There was an equal amount of men and women in the room, and about half of them were smoking cigarettes.  Several people gave short reports about using Transactional Analysis with patients, followed by Dr. Berne reading a report he had just finished writing for American Journal of Psychiatry.  As people asked questions, they identified themselves and where the lived.  Many people were from Berkeley. 

 

After about two hours, the seminar drew to a close, and Dr. Berne, still seated on his throne, asked me and Debbie if we had any questions for him. 

 

Debbie asked him, "Is it true that you divorced your wife, married your secretary and live next door to your ex wife?"  I thought, Good Grief!  How could she ask him such a question?  Dr. Berne replied, “No.  I live six blocks from my ex wife, but I used to live across the street.”

 

I asked, “Do your theories have a Freudian base?”  He replied, “I’ve been doing analysis for 15 years, mostly group, some couch – social psychiatry, especially treatment in transference neurosis.”

 

I asked, “Do you consider yourself Gestaltian or Freudian?”  He replied, “One does not really need case history.  One’s games are consistent with one’s script.  Freud is correct, we need to focus on here and now.”

 

Afraid of what Debbie might ask, I continued with another question.  “Are there clinics using your methods?”  Dr Berne said there were many clinics, but usually individual therapists.  I asked him, “What about the Regan cutbacks?”  He said that he had no opinion other than he did not like it.

 

It was then that I noticed some odd things about Dr. Berne.  He was wearing socks that did not match, and they were the type that sagged toward his shoes.  Most of the time, he sat with his legs crossed.  Every few mijnutes, he would recross his legs and change his pipe to the other side of his mouth at the same time.  He had done this dozens of times during the seminar and our questioning. 

 

Then, it happened.  Dr. Berne had caught a glimpse of Debbie staring at him.   She asked, “Do you always talk with your pipe in your mouth?” 

 

He replied curtly, “No.  I take out my pipe when talking to deaf people.”

 

Debbie said something snarky under her breath; and it was as if she had thrown a cup of gasoline on an open fire.

 

Suddenly, they were yelling at each other!  I was stunned.  Here was one of the foremost American psychiatrists having an anger management problem with a college student!

 

The doctor sitting next to me gave me a slight jab with his right elbow, leaned over and whispered, “EVERYONE in this room is enjoying every second of this!  Thank you for bringing her to the seminar.”

 

Dr.
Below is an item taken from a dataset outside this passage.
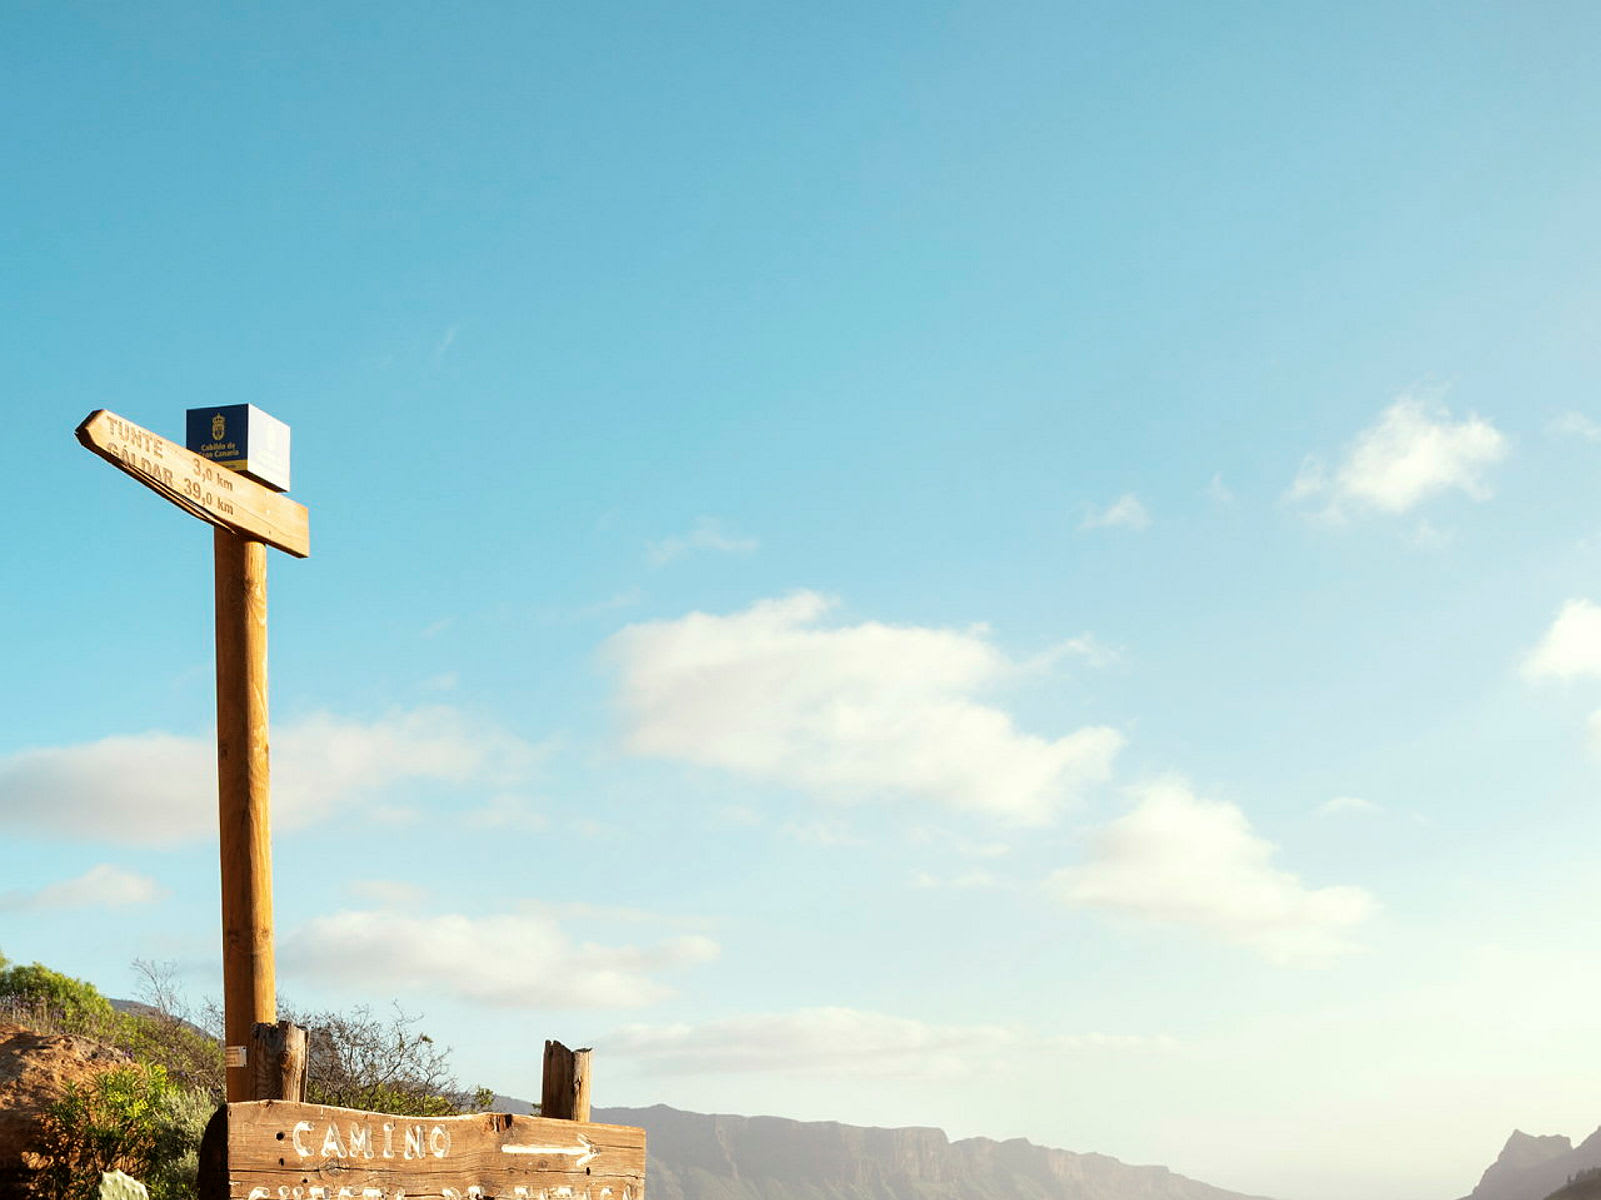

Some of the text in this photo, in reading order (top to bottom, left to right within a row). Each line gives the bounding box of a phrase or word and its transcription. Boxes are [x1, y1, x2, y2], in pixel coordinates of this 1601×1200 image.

Berne and Debbie stood up facing each other, only a few feet separating them.  He yelled at her, “You are a stringy haired little bitch.”  She screamed at him, “You are an old has been.”

 

Dr. Berne seemed a little flustered by Debbie’s comment, but continued, “What do you know about anything, you look 15 if you look a day.” 

 

Debbie responded, “I’m a sophomore in college.”

 

Dr. Berne replied, “College?  Would you like to see my grey umbilicus?” as he gestured toward his zipper. 

 

That is when three or four other men flew into action to urge Dr. Berne to calm down.  At that point, I think it would be fair to say that everyone in the room was very surprised by Dr. Berne’s behavior, language and actions toward the young female student.

 

For me, that was a mortifying experience; and, it was a very quiet ride back to Campbell.

 

Several days later, Debbie and I gave our report to the class, and everyone appeared to like our report.  After the class ended, Ms. Williams told me, “Thanks, I just knew that you would come through with something really good.”